Earlier today Saturday, my lab puppy was attacked by a pit bull, he sustained som mild cuts and blead a little. The vet wont be in the office until Monday. I was able to was the blood off a little and work a little Neosporen Diseneffectant into the wounds. They have scabbed over now, is there anything I should do to treat them?

What firstaid saves do you reccomend? I will be taking him to the vet on Monday.

Also I have decided to get my conceal carry lisc. This is the 3rd time he has been attacked by a pit bull in our town since the end of summer. The next time it happens I'll shoot the aqqressive dog.


----------



## UncleJoe (Jan 11, 2009)

Hi Sailaway. This is AuntJoe. As long as you washed the cuts and they are scabbing over you should be fine. Keep some Betadine shampoo/disinfectant around just for these and any other cuts. Keep putting the neosporine on and check for swelling or oozing. As long as he didn't get the pup around the throat area you should be OK. Hugs to puppy.


----------



## TexasPatriot (Jun 24, 2012)

You have more patience than I. The aggressive dog would have been taken out the second time.


----------



## UncleJoe (Jan 11, 2009)

TexasPatriot said:


> You have more patience than I. The aggressive dog would have been taken out the second time.
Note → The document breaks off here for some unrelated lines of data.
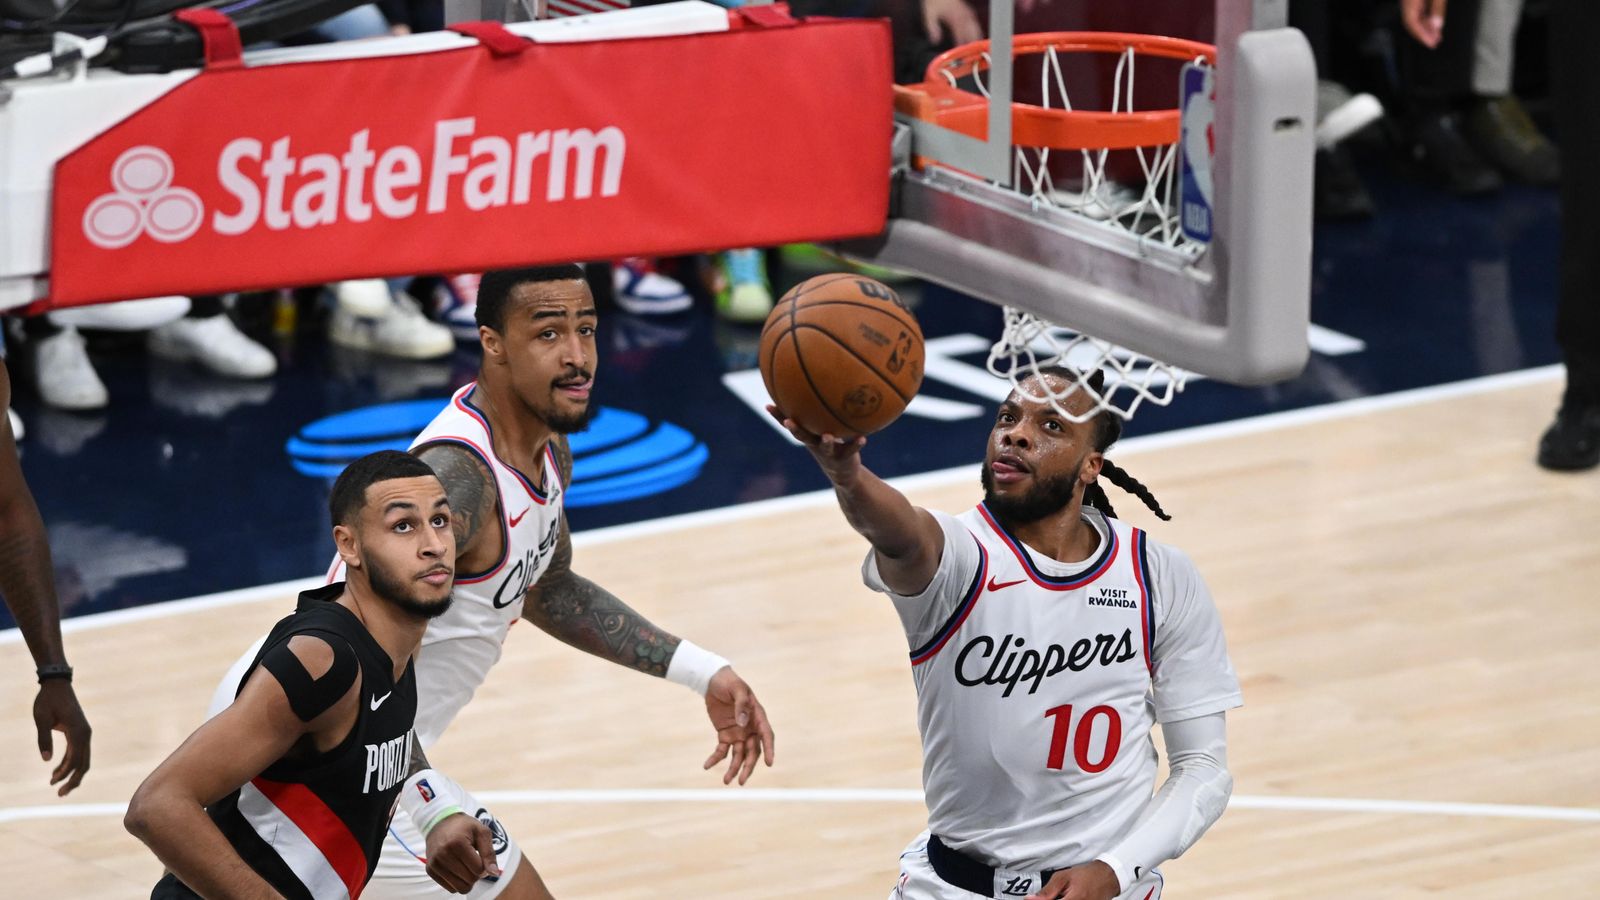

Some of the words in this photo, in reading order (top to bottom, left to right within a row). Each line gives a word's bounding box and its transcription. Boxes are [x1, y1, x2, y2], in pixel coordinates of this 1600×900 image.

[493, 506, 560, 609] Clier
[1088, 596, 1137, 608] RWANDA
[1100, 588, 1127, 598] VISIT
[954, 627, 1137, 698] Clippers
[362, 728, 414, 794] PORTLA
[1044, 704, 1122, 773] 10
[1002, 876, 1032, 896] LA
That was AunJoe's initial response.


----------



## RUN1251 (Mar 15, 2012)

The problem with dog bites is the teeth penetrate thru the skin and then tears the skin away from the underlying muscle tissue. Keep the wounds open and able to drain body fluids until the Vet can get the dog on oral antibiotics. Otherwise deep infection will occur. In Texas, a mean dog gets one second chance. After the second attack, they have to be put down. Be sure to report the incident to the authorities. I'm a retired Veterinarian.


----------



## 101airborne (Jan 29, 2010)

Not much else I could suggest outside what You've already done. Minor wounds cleaned with peroxide or betadine, dried then maybe trim some of the fur from around the wound to help keep the wound from getting anything in them, clean again and treat with an antibiotic cream/ salve. If you have a local farm store you can also get vet strength antibiotics in injectible form as well as oral form. However if the wounds are "minor" I'd talk to the/a vet before using those if it's only a day or so until you can get him/her to the vet. The main thing is keep the wound clean and watch for swelling, discharge, discoloration and such that could be signs of infection. Good luck with puppy and as run1251 said report it to the authorities ASAP.


----------



## sailaway (Mar 12, 2009)

Thank you for all of the good advice, I'm taking Chaska to the vet tomorrow in the AM. I don't think his wounds are as bad as I initially thought and they have scabbed over without seepage or swelling, but he is my little buddy so I will have him checked out tomorrow.


----------



## *Andi (Nov 8, 2009)

UncleJoe said:


> That was AunJoe's initial response.


On that we agree ... when you have an aggressive critter, best to take care of it.


----------



## sailaway (Mar 12, 2009)

we made it to the vets today, Chaska had a superficil flesh wound, no stitches needed. They shaved the bite area and it was scabbed over. The vet said to just keep treating it with Neosporen. It should be healed up in a week. It really didn't faze him at all, he kept right on chasing cats and squirells.

I think I was effected the most by it. All of the zombies roaming around town having to be bad asses and have bad ass attack dogs. This is the third time since August that Chaska has been attacked by a pit bull. I am considdering getting my ccw and popping the next one that attacks him. On the other hand though the vet said pits are naturally more aggressive toward other dogs and friendly toward people so go figure.


----------



## Jim1590 (Jul 11, 2012)

When my ex-wifes pit jumped up on me to say "hi," I warned her straight out, I always carry a knife and it ain't walking away if I sense danger. Since, she has kept him far away.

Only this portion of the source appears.